How Could a Just and Holy God Justify Me?!

Have you ever wondered in your own personal life why somehow there is great difficulty to devote  yourself toward godly things? It may differ with you, but in the experience of my own soul this happens so often when my hope, my trust, my joy, my peace is depending on anything but God.

I find great ease to fall into sin when the eyes of my heart cease to look at the Throne of grace. I find myself becoming a stranger both to God and my own soul the moment I see God as something common. When the incorruptible God has become like corruptible man in my eyes. When the glory and beauty of God in Christ loses it’s luster in my heart.

Surely we are but feeble, weak, and unprofitable servants, wretched sinners. But though weak as we are, as helpless and sinful as we are, just like Moses when he lifted up the serpent in the wilderness, God bids us, “Look unto Me” (Isaiah 45:22).

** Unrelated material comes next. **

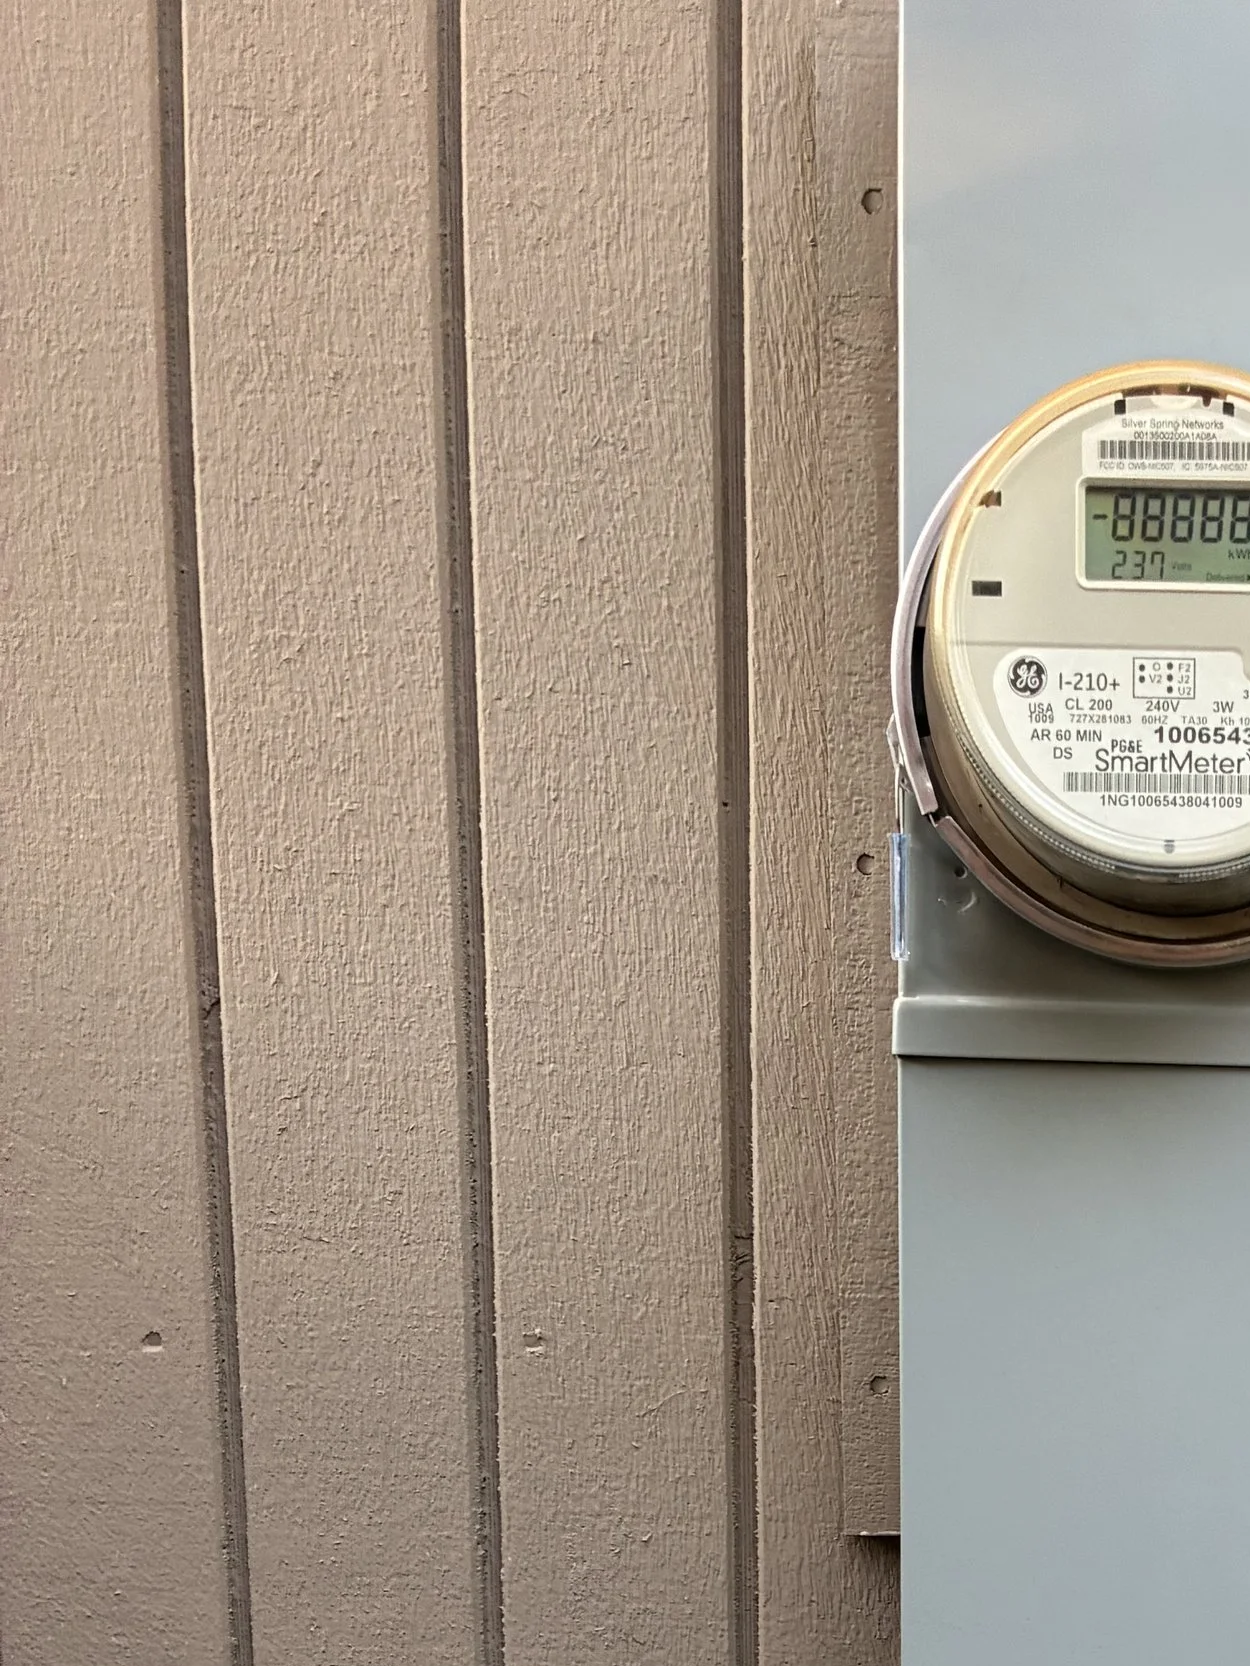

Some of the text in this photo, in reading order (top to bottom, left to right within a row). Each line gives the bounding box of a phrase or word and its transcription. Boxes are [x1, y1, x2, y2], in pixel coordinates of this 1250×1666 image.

Dear reader, I do not know if it is well with your soul this day, if truly you are converted from spiritual death to spiritual life, Here, in the simplicity of this blessed truth is a mountain of confidence that you can ground your hope upon. Here is the bedrock of our salvation. Full salvation! From first to last!

“Me”, what a wonderful declaration, for what is there in Him but the fullness of all grace and peace? There is nothing less but grace abounding in His name and person. Grace abounding that overcomes death and sin!

Let us cast ourselves wholly unto Him, dear reader—to God in Christ Jesus! Let us do so even in the face of adversity. Even in the face of temptation and pain. Oh, dear heart, let us endure the greatest of sufferings before we would taste even the sweetest of sins! And may we declare soon after with Mr. Spurgeon,

“My sole hope for heaven lies in the full atonement made on Calvary’s cross for the ungodly.

On that I firmly rely.

I do not have the shadow of a hope anywhere else.”

When I was in the hand of the Holy Spirit, under conviction of sin, I had a clear and sharp sense of the justice of God. Sin, whatever it might be to other people, became to me an intolerable burden. It was not so much that I feared hell as that I feared sin. All the while, I had on my mind a deep concern for the honor of God’s name and the integrity of His moral government.

I felt that it would not satisfy my conscience if I could be forgiven unjustly. But then there came the question, “How could God be just and yet justify me when I am so guilty?”

I was worried and wearied with this question; neither could I find any answer to it. Certainly, I could never have invented an answer that would have satisfied my conscience.

The doctrine of the atonement is to me one of the surest proofs of the divine inspiration of Holy Scripture. Who would or could have thought of the just Ruler dying for the unjust rebel? This is no teaching of human mythology; this is no dream of poetical imagination. This method of atonement is only known among men because it is a fact; fiction could not have devised it. God Himself ordained it; it is not a matter that could have been imagined.

I had heard of the plan of salvation by the sacrifice of Jesus from my youth, but I did not know any more about it in my innermost soul than if I had been born and bred in a remote African tribe. The light was there, but I was blind.

It was necessary for the Lord Himself to make the matter plain to me. It came to me as a new revelation, as fresh as if I had never read in Scripture that Jesus was declared to be the propitiation for sins that God might be just. I believe it will have to come as a revelation to every newborn child of God whenever he sees it—I mean that glorious doctrine of the substitution of the Lord Jesus.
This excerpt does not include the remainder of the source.